===== Data to process

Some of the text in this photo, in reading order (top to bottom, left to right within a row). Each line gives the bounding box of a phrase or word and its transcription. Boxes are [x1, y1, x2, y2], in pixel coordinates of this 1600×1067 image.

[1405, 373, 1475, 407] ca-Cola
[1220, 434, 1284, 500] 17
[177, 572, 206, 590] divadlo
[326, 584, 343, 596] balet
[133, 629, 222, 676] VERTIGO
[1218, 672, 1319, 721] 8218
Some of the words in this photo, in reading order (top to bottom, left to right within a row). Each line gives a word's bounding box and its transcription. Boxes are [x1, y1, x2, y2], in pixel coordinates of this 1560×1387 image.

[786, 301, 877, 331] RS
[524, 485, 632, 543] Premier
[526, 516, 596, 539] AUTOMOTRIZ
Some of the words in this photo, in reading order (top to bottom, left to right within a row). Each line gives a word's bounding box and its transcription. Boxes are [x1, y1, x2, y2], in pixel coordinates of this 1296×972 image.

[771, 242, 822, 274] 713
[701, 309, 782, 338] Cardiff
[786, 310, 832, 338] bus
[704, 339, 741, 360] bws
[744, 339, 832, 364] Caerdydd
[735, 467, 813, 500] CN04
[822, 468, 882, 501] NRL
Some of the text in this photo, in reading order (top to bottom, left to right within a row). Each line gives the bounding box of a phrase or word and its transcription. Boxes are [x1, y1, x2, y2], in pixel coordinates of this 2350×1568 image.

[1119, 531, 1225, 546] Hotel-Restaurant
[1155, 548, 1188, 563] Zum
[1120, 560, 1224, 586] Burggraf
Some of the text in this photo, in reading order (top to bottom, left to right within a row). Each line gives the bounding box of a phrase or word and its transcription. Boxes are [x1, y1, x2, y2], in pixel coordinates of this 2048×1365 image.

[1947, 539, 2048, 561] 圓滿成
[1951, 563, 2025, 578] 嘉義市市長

==========

Your output should consist only of the lines from the one containing "this 2350×1568 image." to the end of the records above, each retyped exactly.

Answer for the task:
Some of the text in this photo, in reading order (top to bottom, left to right within a row). Each line gives the bounding box of a phrase or word and its transcription. Boxes are [x1, y1, x2, y2], in pixel coordinates of this 2350×1568 image.

[1119, 531, 1225, 546] Hotel-Restaurant
[1155, 548, 1188, 563] Zum
[1120, 560, 1224, 586] Burggraf
Some of the text in this photo, in reading order (top to bottom, left to right within a row). Each line gives the bounding box of a phrase or word and its transcription. Boxes are [x1, y1, x2, y2], in pixel coordinates of this 2048×1365 image.

[1947, 539, 2048, 561] 圓滿成
[1951, 563, 2025, 578] 嘉義市市長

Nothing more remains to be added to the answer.